In his famous response to Virginia O’Hanlon’s question about Santa Claus, Francis Pharcellus Church said, “Yes, Virginia, there is a Santa Claus. He exists as certainly as love and generosity and devotion exist, and you know that they abound and give your life its highest beauty and joy.” We find that love and generosity in the lives of people all around us. Here are just a few Santa Clauses from Find a Grave that remind us about making life enjoyable and bringing joy to the world.
The tradition of Santa is based, at least in part, on a real man, St. Nicholas of Myra. Born in what is now Turkey to wealthy parents who died young, Nicolas gave his inheritance to the poor and needy. One of the best-known legends of Nicholas is that of a man who had three daughters and not enough money to provide dowries for them. It is said that Nicholas walked by the house and threw a bag of gold through the window (or alternatively, down the chimney) on three consecutive nights. Other similar stories exist, and Nicholas became symbolic of secret gift giving.

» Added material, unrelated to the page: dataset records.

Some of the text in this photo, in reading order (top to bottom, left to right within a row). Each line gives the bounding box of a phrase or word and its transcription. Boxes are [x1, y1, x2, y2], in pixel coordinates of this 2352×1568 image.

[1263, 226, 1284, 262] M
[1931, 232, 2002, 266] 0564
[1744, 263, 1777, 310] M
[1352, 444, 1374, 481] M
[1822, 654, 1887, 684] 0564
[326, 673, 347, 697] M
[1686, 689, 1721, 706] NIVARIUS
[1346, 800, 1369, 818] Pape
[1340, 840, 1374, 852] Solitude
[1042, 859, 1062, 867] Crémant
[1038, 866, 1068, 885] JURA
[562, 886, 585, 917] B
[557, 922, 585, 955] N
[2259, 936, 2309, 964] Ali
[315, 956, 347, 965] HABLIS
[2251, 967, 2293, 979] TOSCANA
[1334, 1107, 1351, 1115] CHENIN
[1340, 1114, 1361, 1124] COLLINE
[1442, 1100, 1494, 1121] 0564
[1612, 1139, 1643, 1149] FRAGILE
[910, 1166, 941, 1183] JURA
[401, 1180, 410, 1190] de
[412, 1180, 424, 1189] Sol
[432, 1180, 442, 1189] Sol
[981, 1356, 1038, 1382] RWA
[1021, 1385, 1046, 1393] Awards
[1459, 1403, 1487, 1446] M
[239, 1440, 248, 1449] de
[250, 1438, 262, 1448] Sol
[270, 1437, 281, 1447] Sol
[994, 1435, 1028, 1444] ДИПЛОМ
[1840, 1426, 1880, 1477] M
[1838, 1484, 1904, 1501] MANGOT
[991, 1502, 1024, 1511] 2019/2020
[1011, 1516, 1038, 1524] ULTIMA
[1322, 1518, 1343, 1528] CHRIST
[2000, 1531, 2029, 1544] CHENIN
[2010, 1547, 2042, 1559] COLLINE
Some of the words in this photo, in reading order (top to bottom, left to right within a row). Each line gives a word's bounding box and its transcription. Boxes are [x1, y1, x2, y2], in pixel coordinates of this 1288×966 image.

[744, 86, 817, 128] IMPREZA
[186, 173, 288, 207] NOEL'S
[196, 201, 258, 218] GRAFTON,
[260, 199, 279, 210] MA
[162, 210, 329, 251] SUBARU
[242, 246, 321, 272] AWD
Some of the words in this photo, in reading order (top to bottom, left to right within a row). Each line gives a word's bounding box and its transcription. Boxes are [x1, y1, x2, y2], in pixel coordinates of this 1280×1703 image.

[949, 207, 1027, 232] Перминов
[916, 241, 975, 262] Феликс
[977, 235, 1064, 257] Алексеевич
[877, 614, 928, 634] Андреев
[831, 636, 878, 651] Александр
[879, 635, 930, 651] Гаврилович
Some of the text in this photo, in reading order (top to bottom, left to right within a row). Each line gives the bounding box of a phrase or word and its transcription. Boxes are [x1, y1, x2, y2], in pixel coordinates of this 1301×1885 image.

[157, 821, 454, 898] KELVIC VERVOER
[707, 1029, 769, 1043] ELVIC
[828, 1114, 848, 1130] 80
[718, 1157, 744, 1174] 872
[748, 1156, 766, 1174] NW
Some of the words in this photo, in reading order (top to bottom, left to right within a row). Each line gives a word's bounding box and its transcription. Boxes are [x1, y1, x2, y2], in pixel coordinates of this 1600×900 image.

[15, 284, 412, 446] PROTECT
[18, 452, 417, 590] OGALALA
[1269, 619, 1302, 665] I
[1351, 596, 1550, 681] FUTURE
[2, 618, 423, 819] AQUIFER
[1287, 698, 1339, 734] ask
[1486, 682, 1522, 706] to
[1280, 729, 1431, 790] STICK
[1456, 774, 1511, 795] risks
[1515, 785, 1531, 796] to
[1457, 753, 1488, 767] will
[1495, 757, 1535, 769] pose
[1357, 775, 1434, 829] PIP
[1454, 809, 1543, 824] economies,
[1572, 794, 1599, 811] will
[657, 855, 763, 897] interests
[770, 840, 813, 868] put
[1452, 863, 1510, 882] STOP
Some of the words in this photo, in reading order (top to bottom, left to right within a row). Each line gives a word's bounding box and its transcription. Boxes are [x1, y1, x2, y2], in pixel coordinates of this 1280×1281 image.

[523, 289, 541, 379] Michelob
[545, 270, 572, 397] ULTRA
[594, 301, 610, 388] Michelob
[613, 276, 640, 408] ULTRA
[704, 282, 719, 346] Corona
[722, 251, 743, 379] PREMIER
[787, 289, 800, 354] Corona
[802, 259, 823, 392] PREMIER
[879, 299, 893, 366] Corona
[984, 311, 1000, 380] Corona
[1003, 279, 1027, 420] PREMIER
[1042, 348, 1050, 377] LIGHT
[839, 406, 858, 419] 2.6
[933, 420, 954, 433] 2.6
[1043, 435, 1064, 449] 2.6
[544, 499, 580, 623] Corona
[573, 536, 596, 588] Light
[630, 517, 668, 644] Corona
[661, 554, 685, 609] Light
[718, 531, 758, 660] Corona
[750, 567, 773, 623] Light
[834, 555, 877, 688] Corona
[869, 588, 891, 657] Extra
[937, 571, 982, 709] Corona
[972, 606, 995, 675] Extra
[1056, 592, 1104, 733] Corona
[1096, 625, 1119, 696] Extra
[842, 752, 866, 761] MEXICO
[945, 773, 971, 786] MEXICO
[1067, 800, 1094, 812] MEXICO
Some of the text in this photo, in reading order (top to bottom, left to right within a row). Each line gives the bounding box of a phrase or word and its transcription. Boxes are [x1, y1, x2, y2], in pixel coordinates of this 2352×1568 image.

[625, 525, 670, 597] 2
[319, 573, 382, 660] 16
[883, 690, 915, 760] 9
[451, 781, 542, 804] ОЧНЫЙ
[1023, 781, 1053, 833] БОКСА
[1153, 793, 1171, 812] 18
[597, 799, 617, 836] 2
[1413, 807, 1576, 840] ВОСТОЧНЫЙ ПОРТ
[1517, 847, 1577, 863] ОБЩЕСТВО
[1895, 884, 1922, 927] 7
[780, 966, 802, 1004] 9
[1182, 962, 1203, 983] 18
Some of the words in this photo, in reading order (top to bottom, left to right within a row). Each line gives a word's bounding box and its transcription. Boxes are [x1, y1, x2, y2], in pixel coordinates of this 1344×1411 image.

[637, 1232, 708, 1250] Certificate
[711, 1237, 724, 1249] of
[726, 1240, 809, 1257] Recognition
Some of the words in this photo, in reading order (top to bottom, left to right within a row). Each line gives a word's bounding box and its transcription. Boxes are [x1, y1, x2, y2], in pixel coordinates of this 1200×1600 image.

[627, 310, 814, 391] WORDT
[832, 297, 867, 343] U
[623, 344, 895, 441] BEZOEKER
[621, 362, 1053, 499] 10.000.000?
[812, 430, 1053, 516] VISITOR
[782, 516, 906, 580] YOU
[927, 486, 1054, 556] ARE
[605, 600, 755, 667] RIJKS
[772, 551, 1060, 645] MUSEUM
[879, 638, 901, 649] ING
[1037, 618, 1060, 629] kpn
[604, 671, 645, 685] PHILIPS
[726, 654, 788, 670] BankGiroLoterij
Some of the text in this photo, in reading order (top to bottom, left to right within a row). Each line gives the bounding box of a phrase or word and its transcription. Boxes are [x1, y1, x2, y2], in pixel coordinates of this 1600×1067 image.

For 68 of his 90 years Jim Yellig donned the red suit and transformed into Jolly old Saint Nick. It all started when he was in the Navy in 1914. His ship was docked in Brooklyn and his shipmates had an idea to throw a party for underprivileged children in the area. They knew he was from the area of Santa Claus, Indiana, and thus nominated him to play Santa Claus. He loved playing the part, especially seeing how happy it made children.
After WWI, Yellig left the service and got married. A few years later he returned to his hometown of Mariah Hill. A friend of his, James F. Martin, was the postmaster in Santa Claus. He had been answering children’s letters for years and he needed help! In 1935, Yellig organized a group called the Santa Claus American Legion Post to help answer letters. He also dressed the part and quickly became a fixture in the town of Santa Claus. In 1946, the Santa Claus theme park opened and Yellig was the star of the show. He wrote a booklet titled, “It’s Fun to be a Real Santa Claus,” which tells the history of Santa Claus as well as providing training and tips to becoming Santa. The years went on and thousands of children knew him as their Santa. He often surprised children as he spoke five languages. Jim was Santa for so long, generations of families enjoyed the tradition of sitting on his lap and telling him what they wished for. At age 90 he said, “Maybe I shouldn’t be doing this now [but] I feel like I’ve got a little soul here who will grow up someday and possibly remember a few things.”
Mr. Santa Clause spent many a December answering thousands of letters that he received. His father, who had a good sense of humor, gave him the name, Santa Clause. He was a plumber and pastor and had seven children of his own. But, during the Christmas season, there were times when he cut short time with his own family to attend to all the mail that he received. He felt it was important to write the children back, but didn’t have the funds for all the stamps he needed to reply to 6,000 letters per year. Generous friends donated to the stamp fund, and he was able to answer those letters for many years. He spent much of his life clean shaven, but this article refers to growing out his beard and then “whitening his whiskers” to be the real town Santa from Marshall, Missouri.
We’re left to wonder about the life of Jimmy Lee Pace. His funeral notice only gives us the clue that he used the name “Santa Claus.” He must have been a person who played the part as we’re left with a second clue, the Santa boot on his headstone.
We wish you and yours a happy holiday season and hope that “love and generosity and devotion … abound and give your life its highest beauty and joy.”